Goal 5 - Increased Brand Awareness
“Awareness” may be step one of the traditional customer journey, but it’s an elusive metric to quantify. To measure awareness health, you’ll look at all aspects of your acquisition strategy and seek growth across conversions.
What would support this metric and bring context and clarity?
- Sales conversion benchmarks – are you getting more “Contact Us”, subscriptions, or product downloads?
- Key Webpage Traffic – are you getting increased traffic to key sales pages (versus educational material)?
- Email/Newsletter list growth – are more people signing up to hear from your business?
- Social follower count and activity – are more people following your business on social channels AND interacting, via comments or shares?
- Channel traffic – are more people visiting the website from direct, social, PPC, or email sources?
- New or repeat visits – are you increasing the volume of returning visitors or a fresh audience?
- Session duration/Pages per Session – are visitors staying on the website and visiting multiple pages?
- Content downloads – are more people downloading content or otherwise converting?
Goal 6 – Social Follower Value
Social media metrics indicate popularity and reach. Yet, each platform measures a different set of metrics and its algorithms weigh activity differently. What can you measure to understand your social audience’s value?
What social media metrics would bring context and clarity?
- Traffic from social – are followers leaving the platforms to check you out on owned channels, like your website?
- Sales, Contact Us, Demo Requests from Social Referrals – are visitors from social ultimately buying or converting?

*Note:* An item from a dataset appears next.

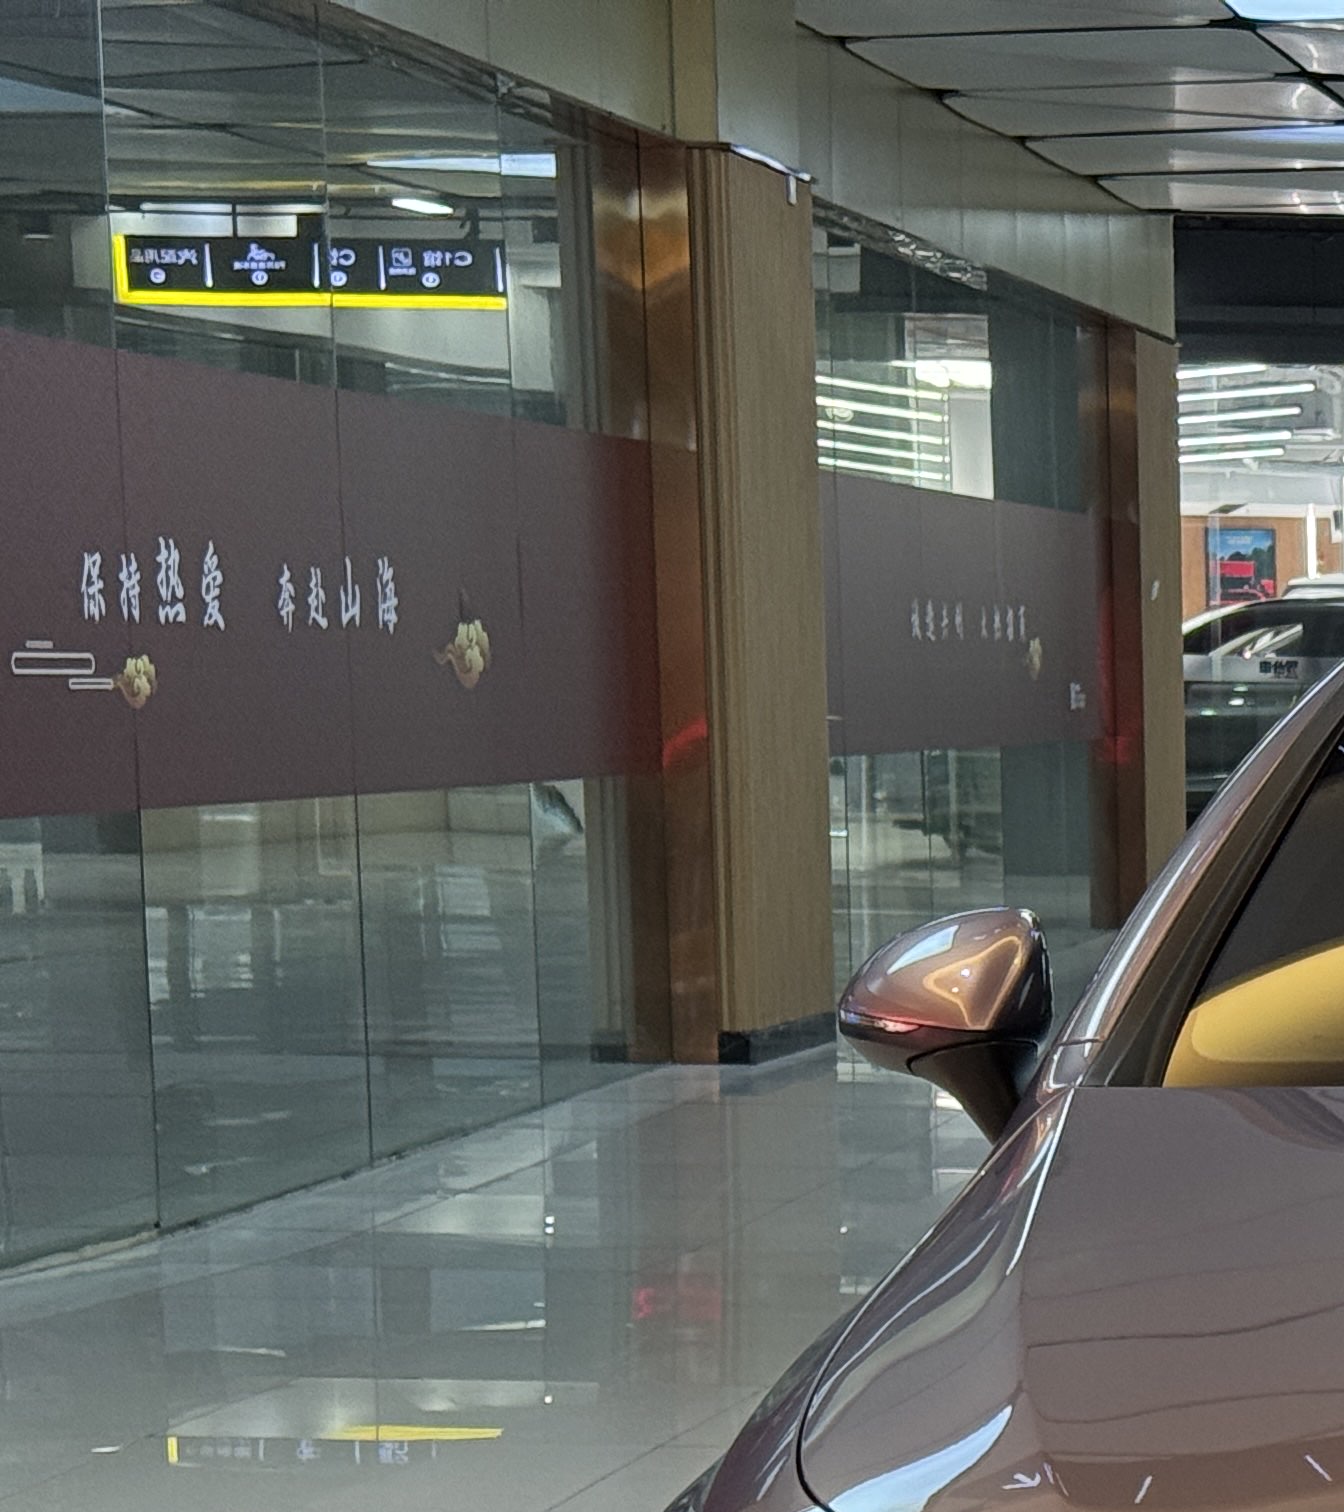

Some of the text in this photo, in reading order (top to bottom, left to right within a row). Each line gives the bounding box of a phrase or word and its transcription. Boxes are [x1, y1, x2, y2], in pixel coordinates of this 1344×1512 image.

- Engagement per post/per follower – are followers interacting with your social posts, by sharing, commenting, or otherwise deepening the conversation?
- Mentions – are followers talking about your brand and widening your reach?
Center Your Strategy in the Right Data
Ultimately, building enjoyable and effective digital experiences is part art and part science. It’s constant measurement and optimization. Marketers embrace that launch, experiment, measure, and optimize mindset with zeal, forever upping the ante to create greater outcomes.
To be successful, they need a thoughtful measurement strategy, centered on the right combination of KPIs.
Meaningful metrics guide your next action. They help you decide what to do, optimize, remove, or revere to incrementally get closer to your end goal.
Resist the siren call of the vanity metric. Just like that second bar, vanity metrics might make you feel good in the moment, but you’ll be confused in the morning.